(Data supplied Opens)

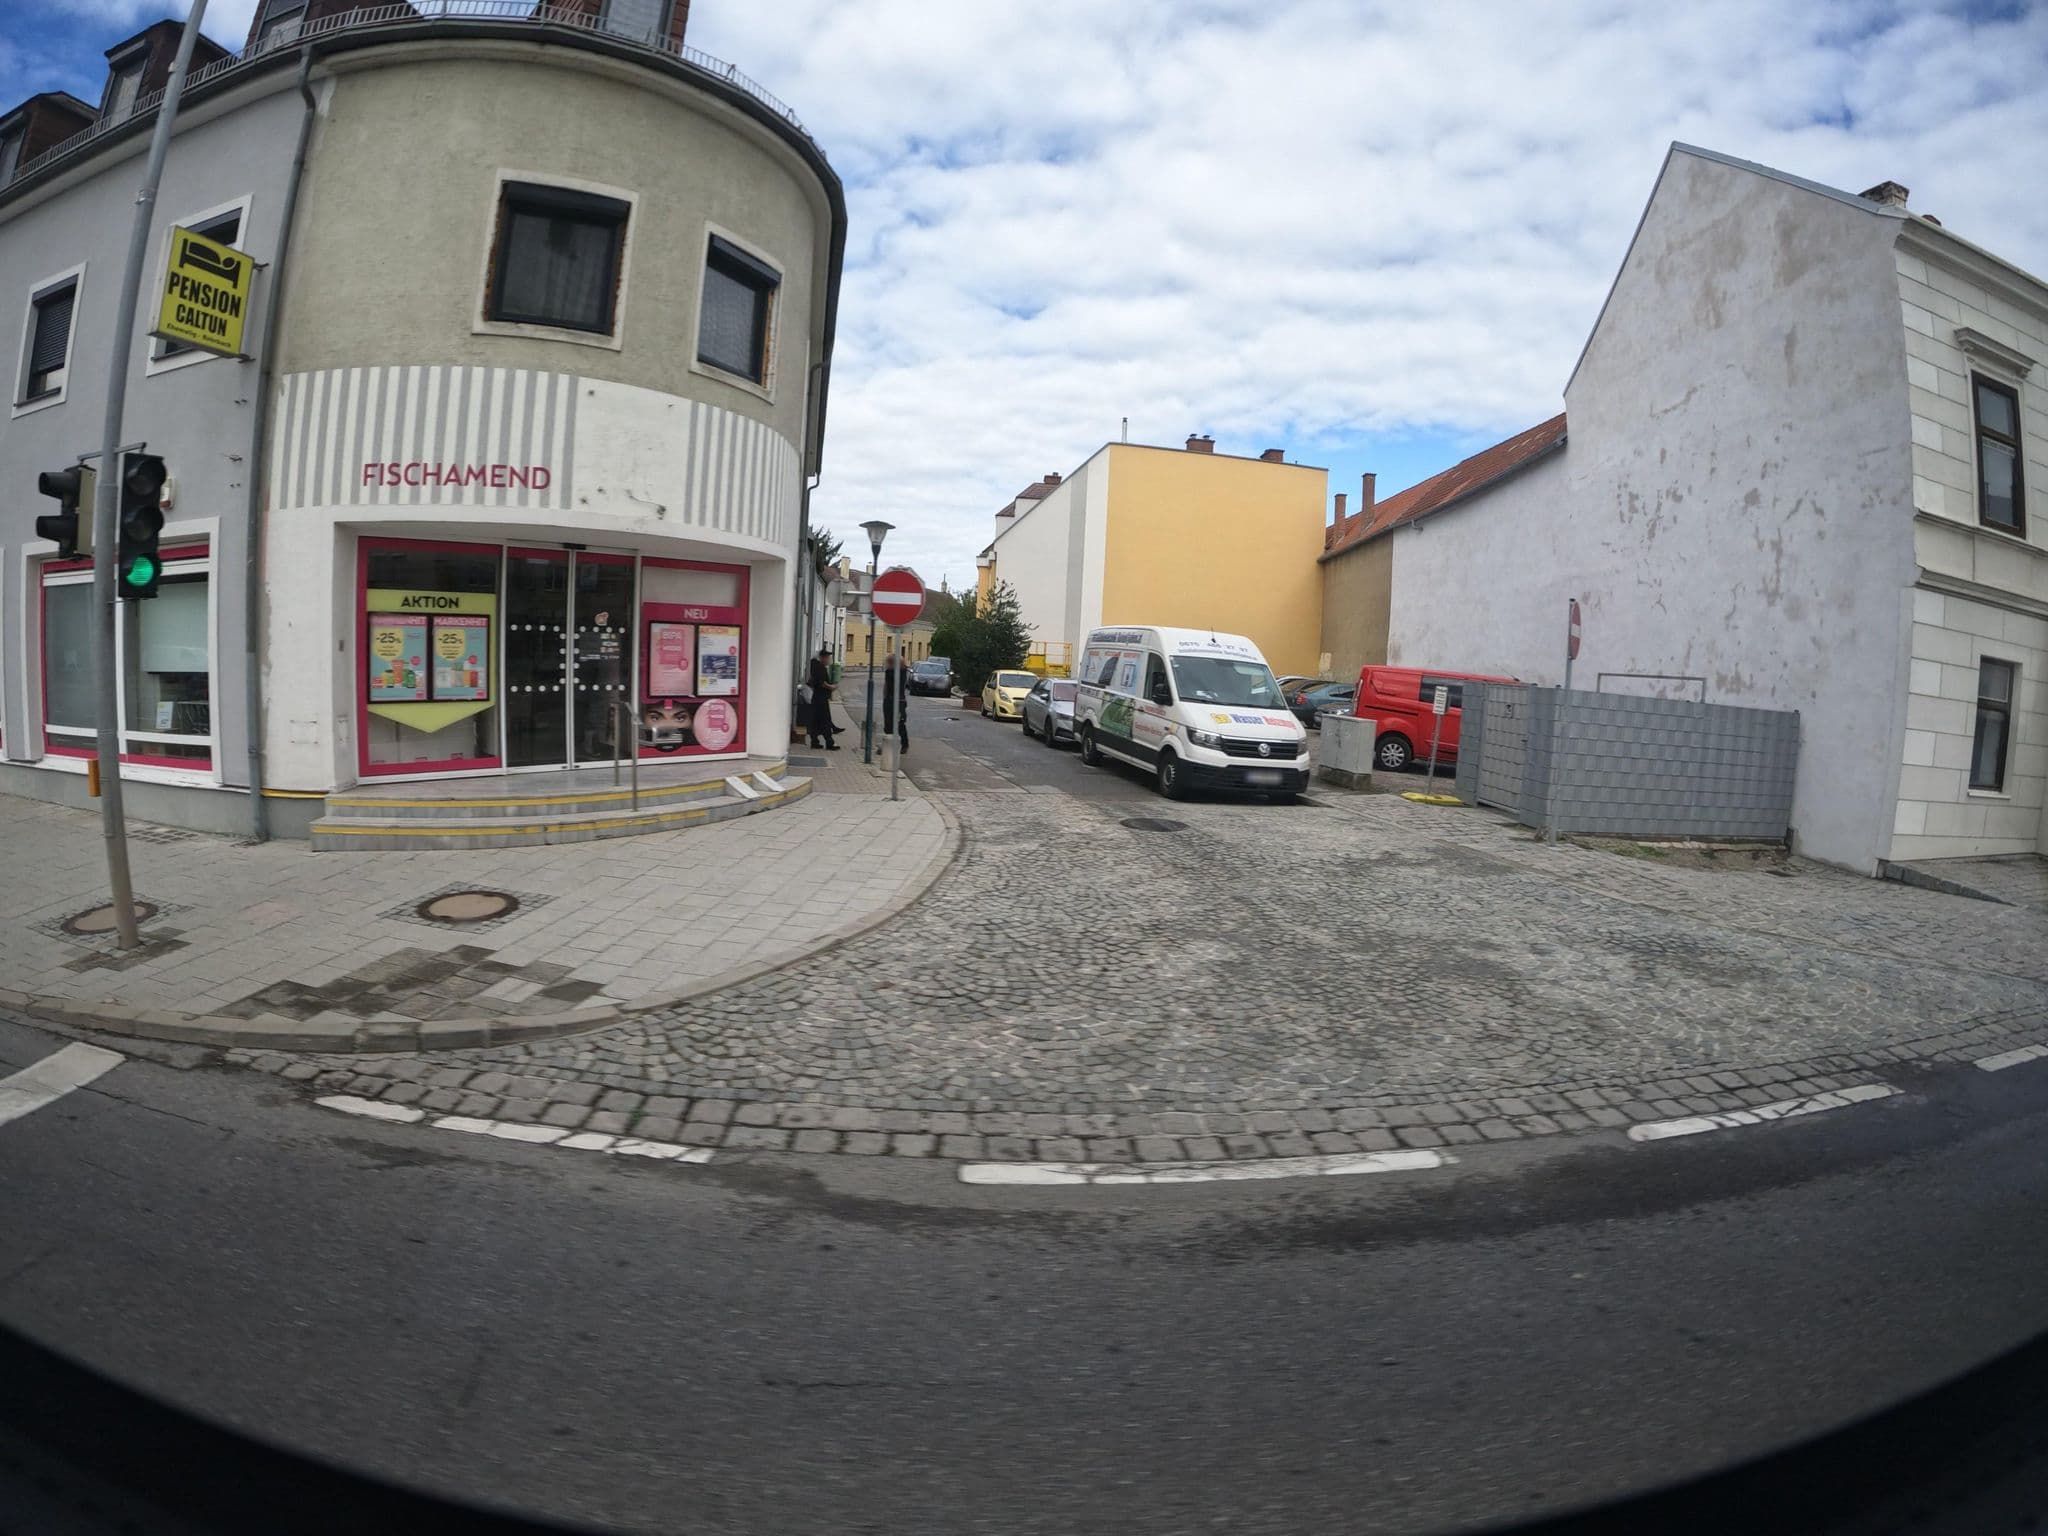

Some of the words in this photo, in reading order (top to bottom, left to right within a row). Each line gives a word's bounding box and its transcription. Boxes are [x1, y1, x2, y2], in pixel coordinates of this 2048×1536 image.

[167, 271, 242, 318] PENSION
[176, 303, 227, 337] CALTUN
[363, 462, 550, 490] FISCHAMEND
[401, 596, 460, 609] AKTION
[684, 608, 709, 620] NEU

(Data supplied Closes)

What the exercise asks:
The preceding entries are to be written out again exactly, with the pictures removed.

Expected output:
Some of the words in this photo, in reading order (top to bottom, left to right within a row). Each line gives a word's bounding box and its transcription. Boxes are [x1, y1, x2, y2], in pixel coordinates of this 2048×1536 image.

[167, 271, 242, 318] PENSION
[176, 303, 227, 337] CALTUN
[363, 462, 550, 490] FISCHAMEND
[401, 596, 460, 609] AKTION
[684, 608, 709, 620] NEU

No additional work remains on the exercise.